Thompson, a mother of two older children, knew the baby was coming and said jail staff continued to ignore her screams. “I’m steady like, I’m going to have my baby. I’m screaming. I’m going to have my baby, please get me out of here. I feel like I’m going to have my baby. When I said that, I felt like all bets where off, everybody needs to be coming in here trying to check on me and see what’s going on. I’ve had kids before, so I know exactly how it feels. I’m about to have my baby, I’m not just talking,” she said.

Alachua County Sheriff’s Department Lt. Kaley Behl said when staff realized Thompson really was giving birth, EMS was called, but by the time they got there the baby had already been born and the umbilical cord had been cut. Thompson said that other than the nurse, there was no medical help.

Both mother and baby Ava were transferred to UF Health Shands Hospital, where Thompson says doctors told her the baby was too small and likely wouldn’t survive. She said doctors said they couldn’t do anything for the infant and gave her to Thompson.

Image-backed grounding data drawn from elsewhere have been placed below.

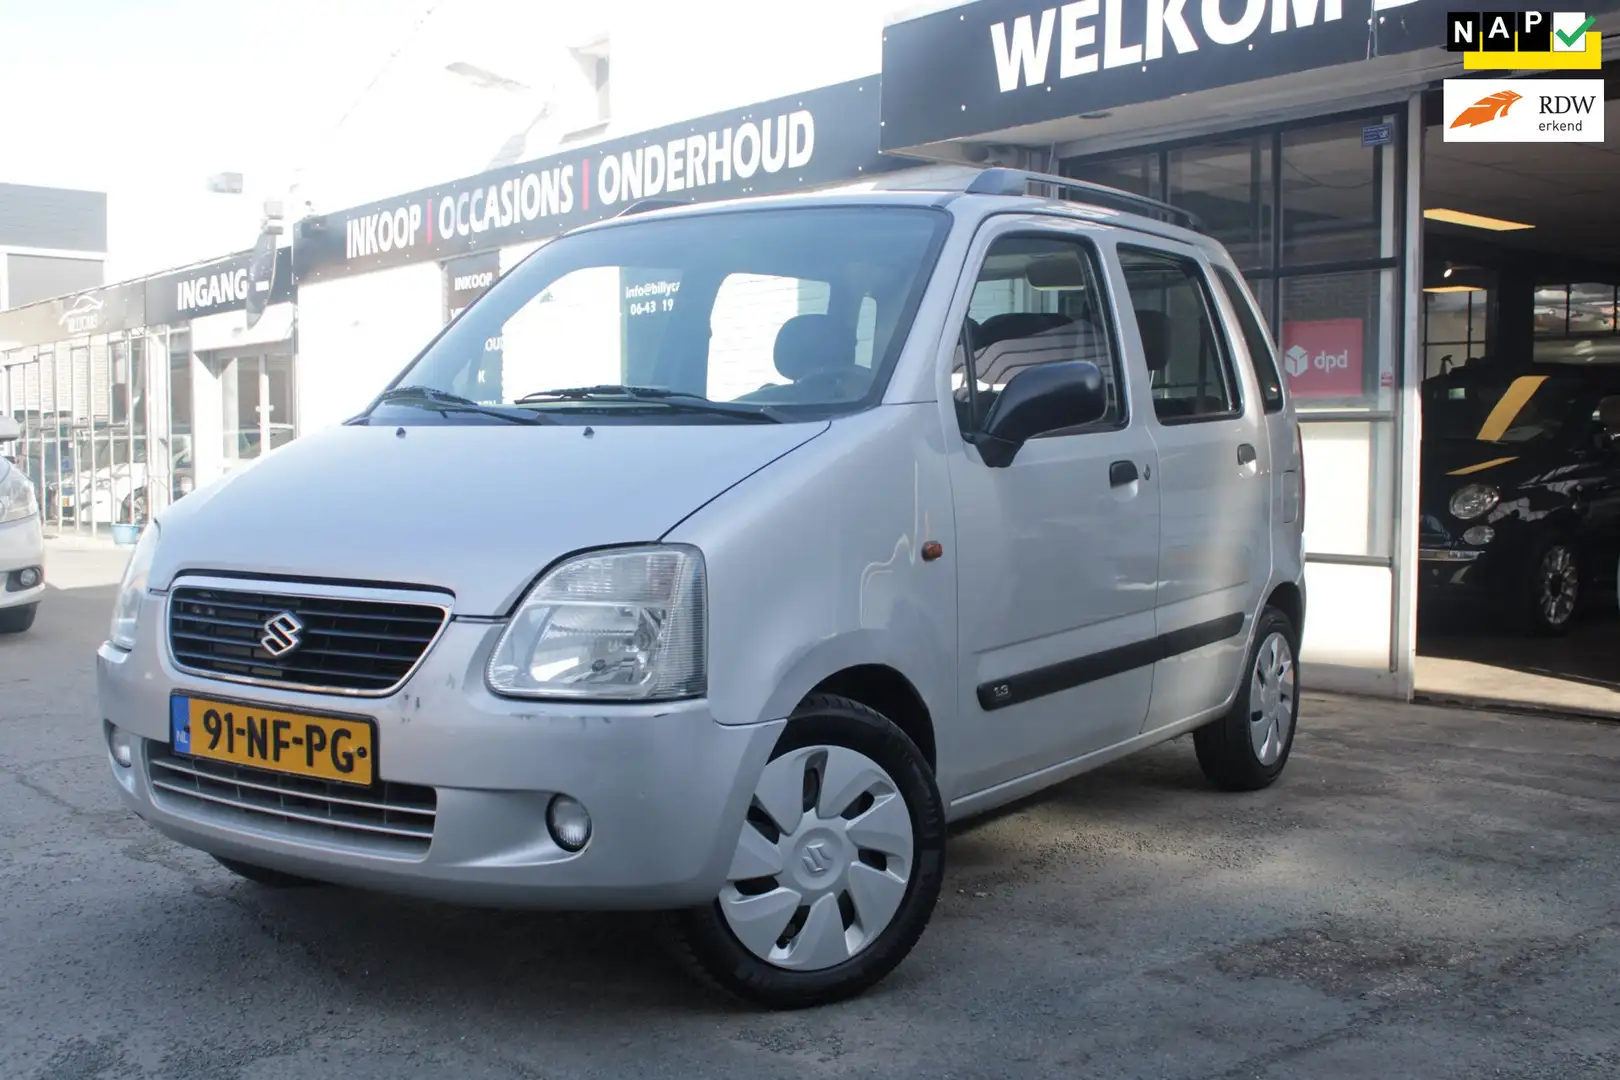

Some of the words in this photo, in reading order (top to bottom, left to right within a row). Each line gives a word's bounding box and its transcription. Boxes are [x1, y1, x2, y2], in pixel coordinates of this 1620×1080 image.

[346, 204, 421, 259] INKOOP
[438, 164, 574, 239] OCCASIONS
[598, 110, 815, 205] ONDERHOUD
[177, 268, 248, 311] INGANG
[1314, 349, 1348, 373] dpd
[203, 708, 355, 774] 91-NF-PG

“They didn’t try to put her in an incubator or save her or anything. As soon as I got there they had her in a crib and said my baby wasn’t going to survive,” Thompson wrote on Facebook. “My baby is in my arms still moving, heart pumping — Why aren’t you all trying to save her? She died hours later. My baby could have been saved.”

Behl said an investigation into the incident is underway.

“Just like any inmate coming into the jail, they get medically screened before they are even taken in. She was taken and housed in the female infirmary and put on 15-minute checks,” Behl told the Gainesville Times. “She ended up going into active labor and they called EMS. She had the baby before EMS got on scene. They assisted her in delivering the baby and sent her and the baby out to the hospital.”

The hospital said in a statement to that it does not comment on patients.

Thompson, the baby’s father, and protesters gathered outside of the jail last week, demanding justice, and claiming prison staff violated a state act enacted last year that requires inmates in labor are immediately taken to a medical facility and given medical care.

“Alachua County Jail is responsible for all of my pain and suffering physically and mentally and they’re responsible for the death of my daughter,” Thompson wrote on Facebook.

A GoFundMe page for Thompson has raised nearly $4,000 and is intended to cover food, transportation and postpartum care while Thompson grieves. The family plans to seek legal action.